# [Exercise description]
Copy, without a single change, each line from the one that holds "this 1280×960 image." to the bottom of the entries below, and drop any pictures.

# [Source data]

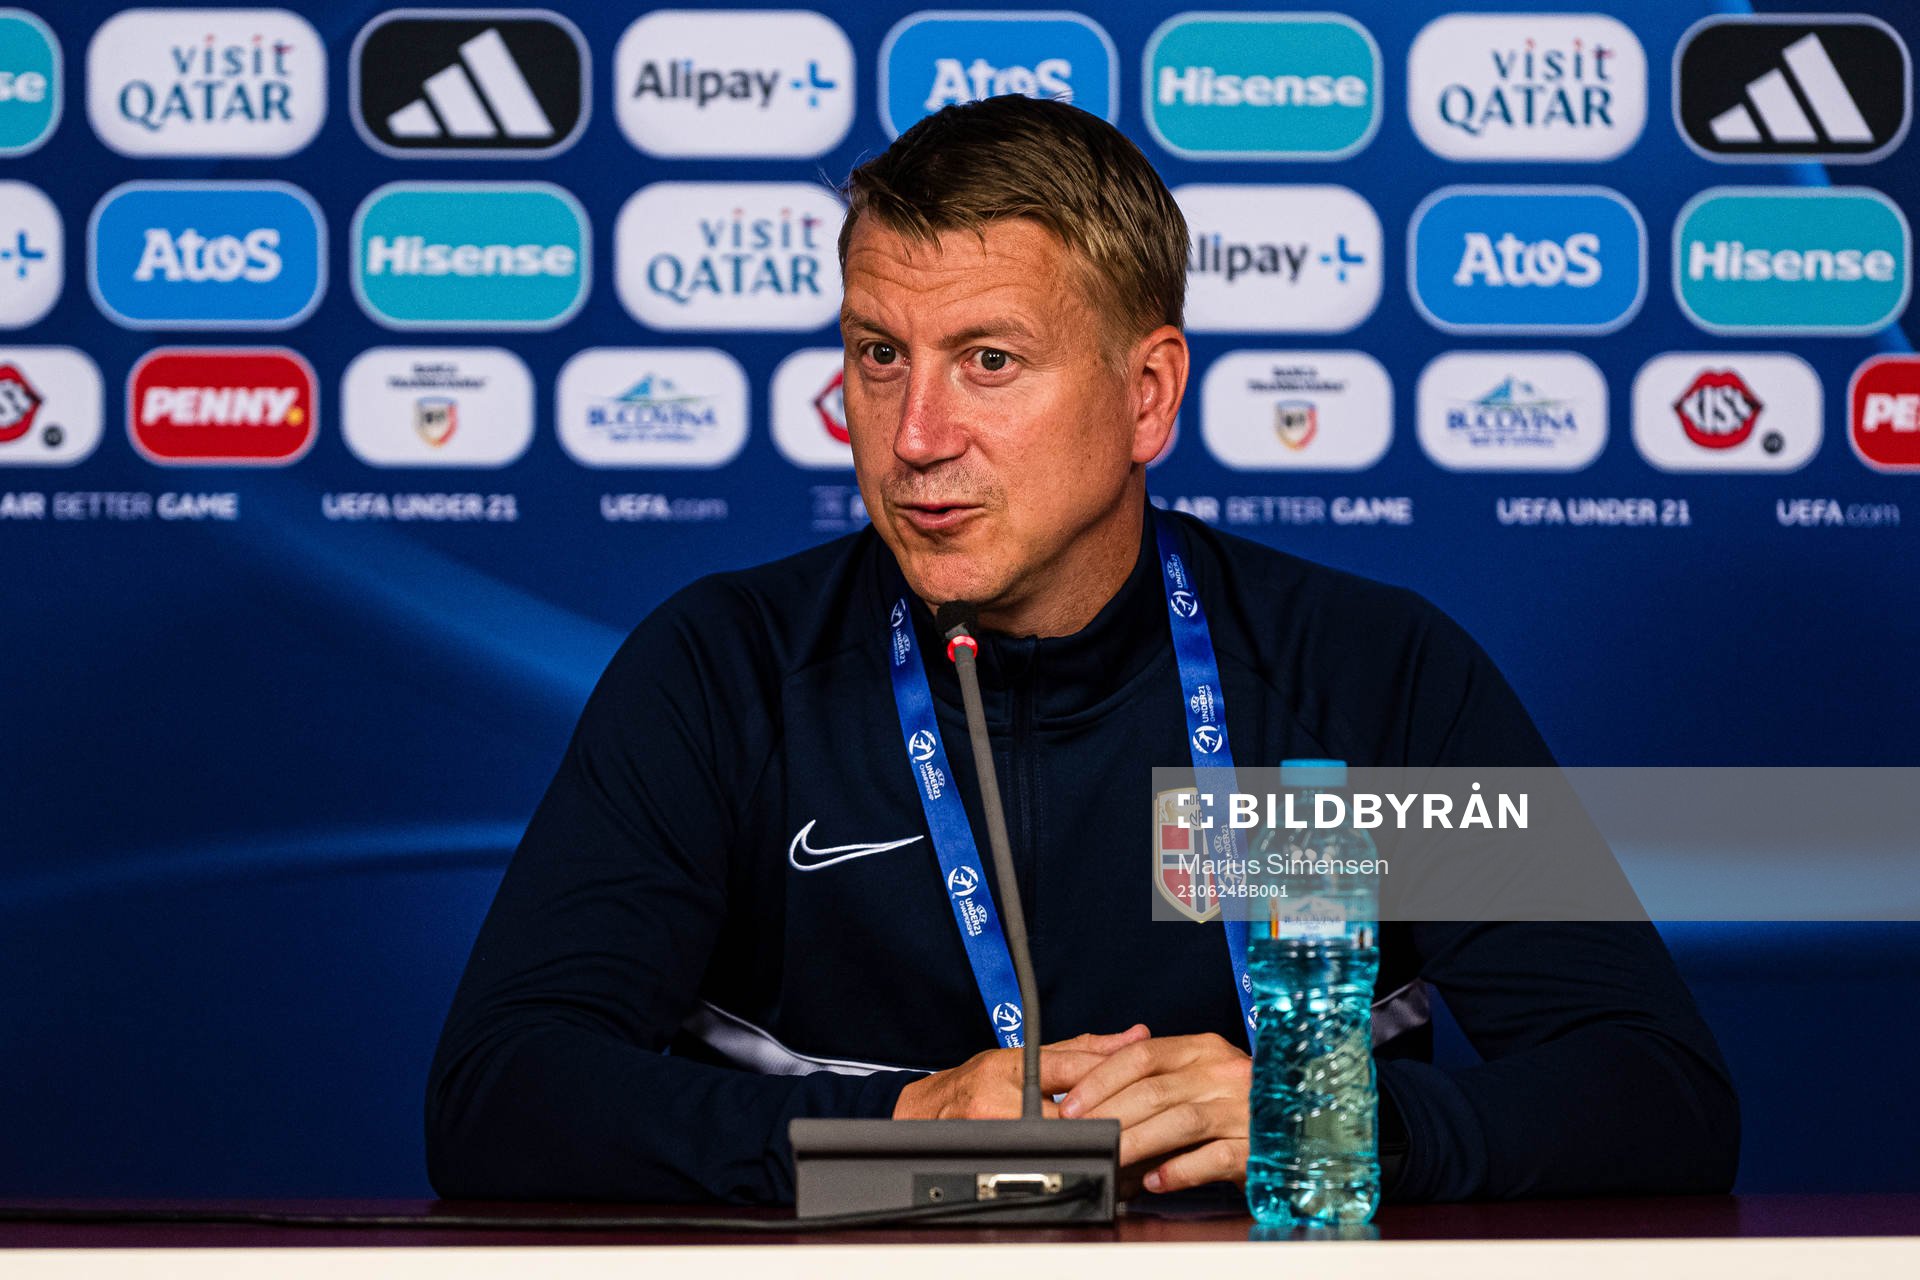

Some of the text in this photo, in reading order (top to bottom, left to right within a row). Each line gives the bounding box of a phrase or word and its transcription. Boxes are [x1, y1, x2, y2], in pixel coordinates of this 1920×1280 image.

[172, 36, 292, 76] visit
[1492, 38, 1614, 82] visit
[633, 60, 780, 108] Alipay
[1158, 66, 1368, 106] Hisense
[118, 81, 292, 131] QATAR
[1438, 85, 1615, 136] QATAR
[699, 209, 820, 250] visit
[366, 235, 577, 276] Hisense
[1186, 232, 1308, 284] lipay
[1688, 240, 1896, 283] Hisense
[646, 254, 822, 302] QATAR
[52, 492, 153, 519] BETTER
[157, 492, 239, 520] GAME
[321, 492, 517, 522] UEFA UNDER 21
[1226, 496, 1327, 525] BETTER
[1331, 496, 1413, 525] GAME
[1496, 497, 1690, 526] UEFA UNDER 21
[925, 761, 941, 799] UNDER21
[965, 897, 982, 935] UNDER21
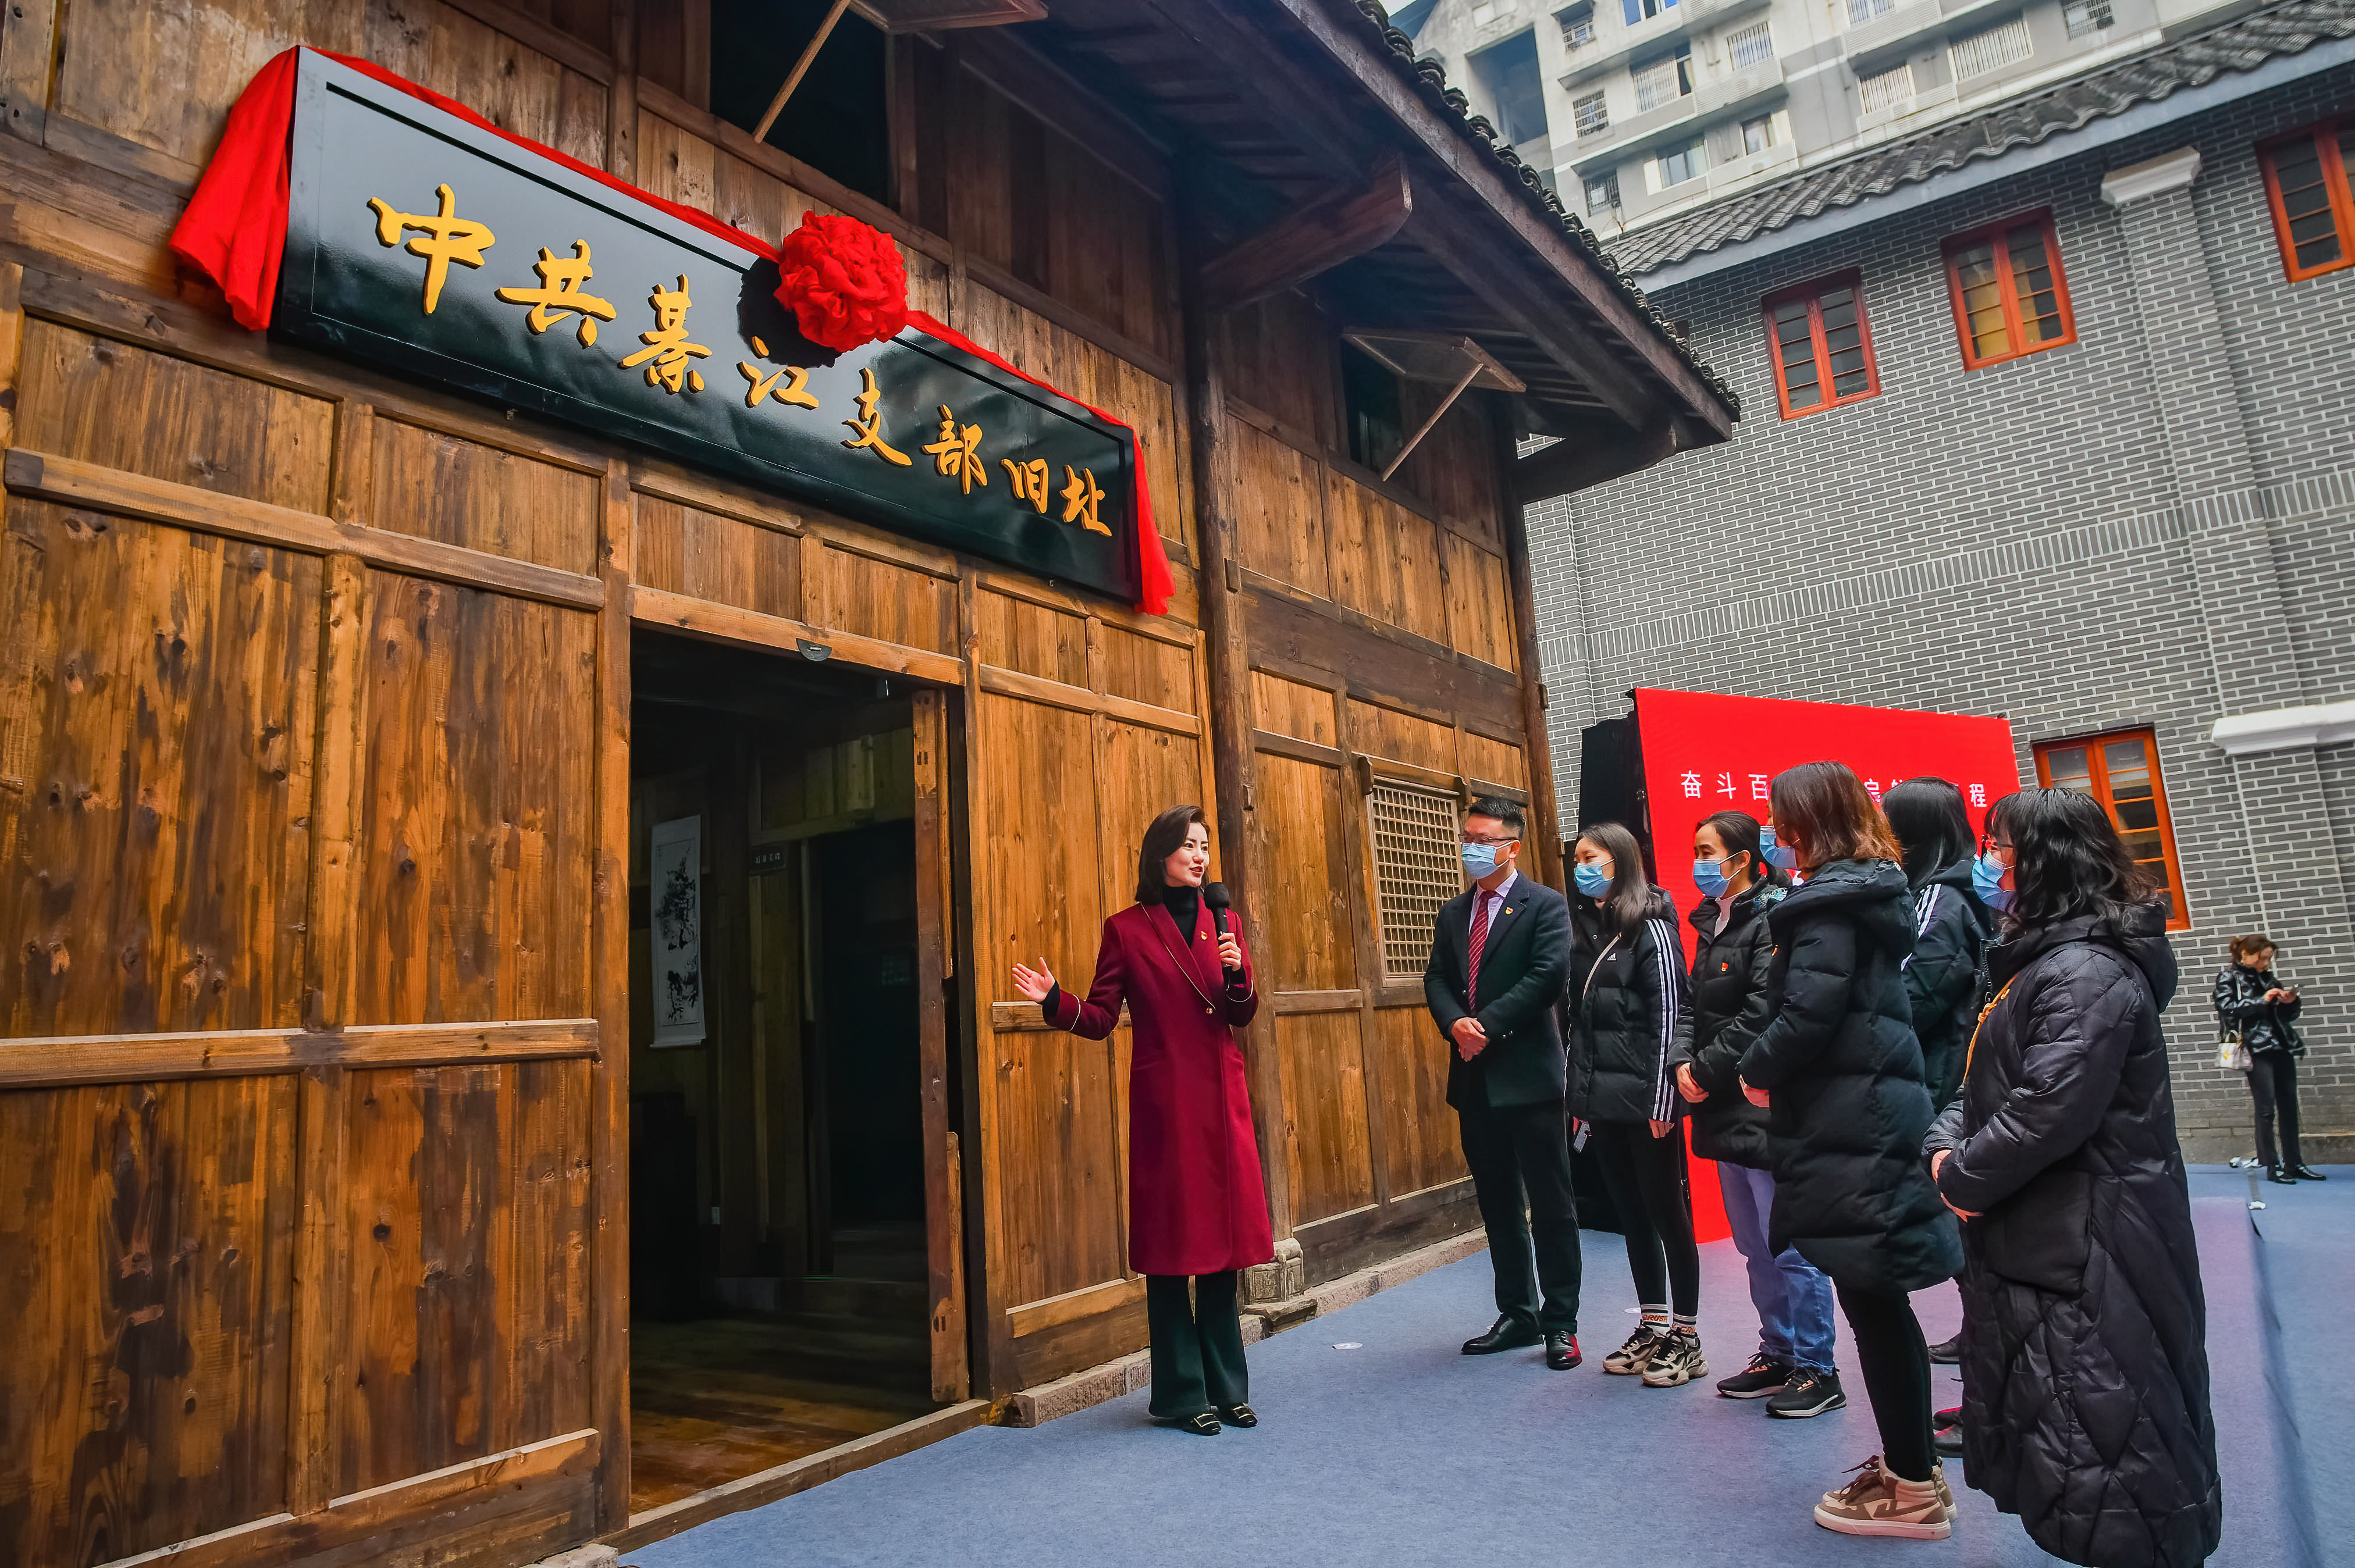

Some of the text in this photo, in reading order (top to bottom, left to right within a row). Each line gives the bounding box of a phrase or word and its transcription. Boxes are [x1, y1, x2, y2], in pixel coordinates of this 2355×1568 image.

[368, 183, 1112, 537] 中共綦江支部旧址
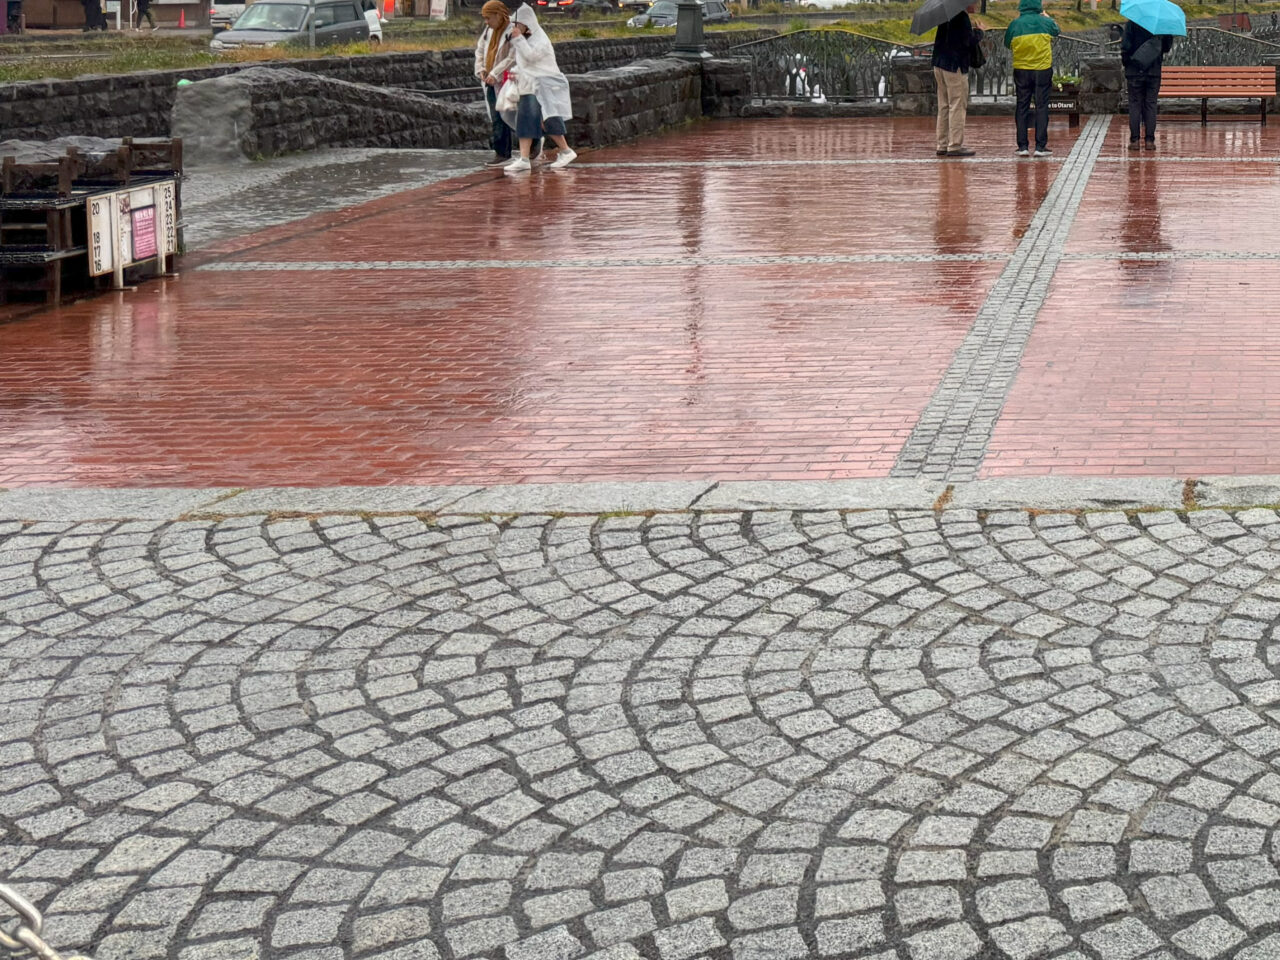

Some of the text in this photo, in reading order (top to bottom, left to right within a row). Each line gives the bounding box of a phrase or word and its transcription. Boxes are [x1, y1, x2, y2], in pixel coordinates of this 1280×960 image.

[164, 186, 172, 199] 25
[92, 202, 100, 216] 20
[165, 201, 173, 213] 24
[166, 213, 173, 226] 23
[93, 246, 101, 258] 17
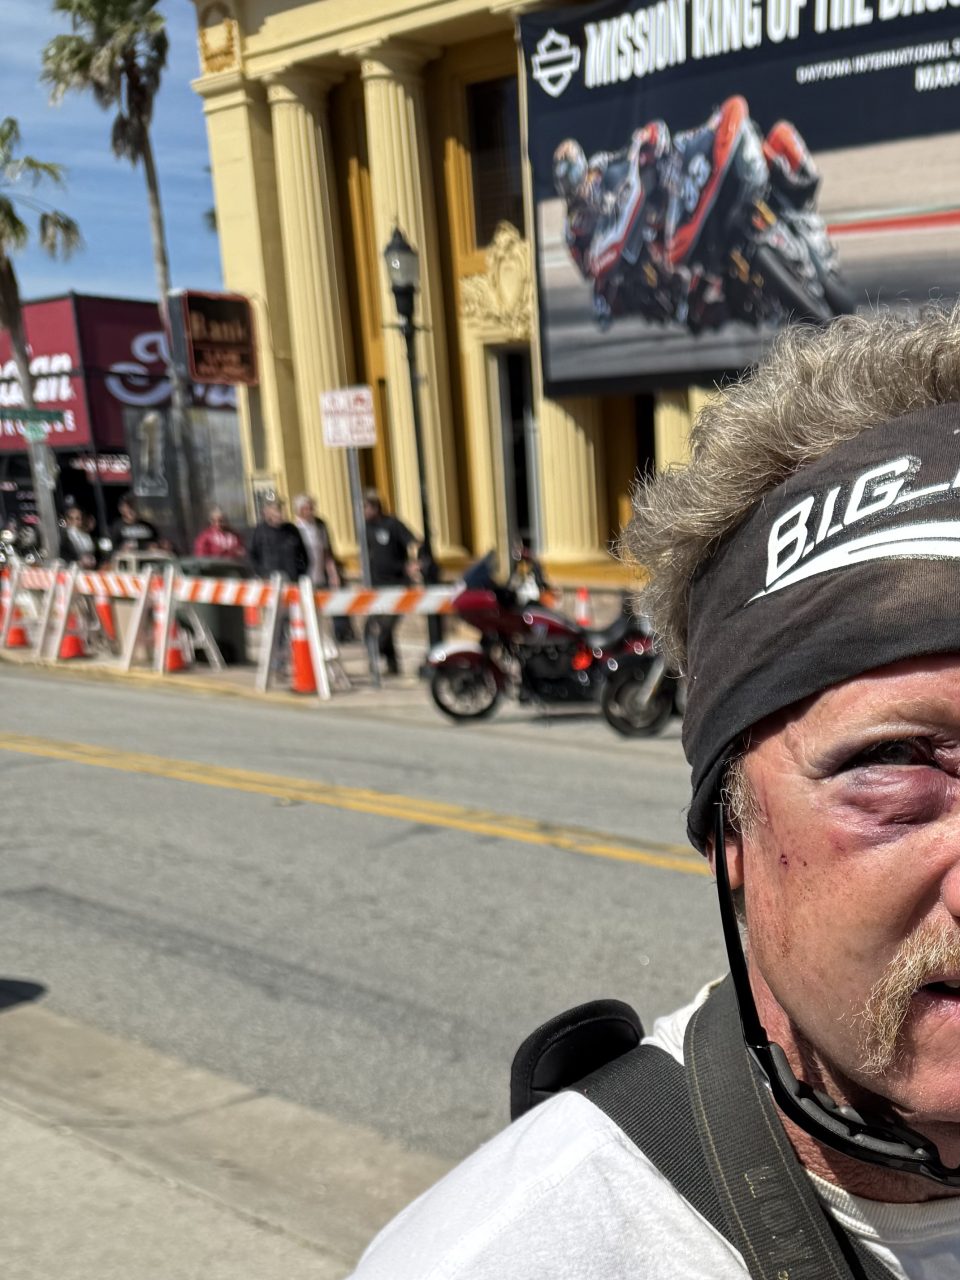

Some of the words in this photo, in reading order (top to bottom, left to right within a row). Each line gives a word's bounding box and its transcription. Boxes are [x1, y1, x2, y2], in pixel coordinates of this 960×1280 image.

# [Task answer]
Some of the text in this photo, in reading order (top to bottom, left to right within a row). Each line gives the bounding box of a phrase or word and its transcription. Boxes are [x1, y1, x2, y2], in pixel coordinates of this 1280×960 image.

[164, 186, 172, 199] 25
[92, 202, 100, 216] 20
[165, 201, 173, 213] 24
[166, 213, 173, 226] 23
[93, 246, 101, 258] 17

Some of the words in this photo, in reading order (top to bottom, left to right within a row). Each line gives a word's bounding box and its transcription. Boxes are [x1, y1, x2, y2], in pixel coordinates of this 960×1280 image.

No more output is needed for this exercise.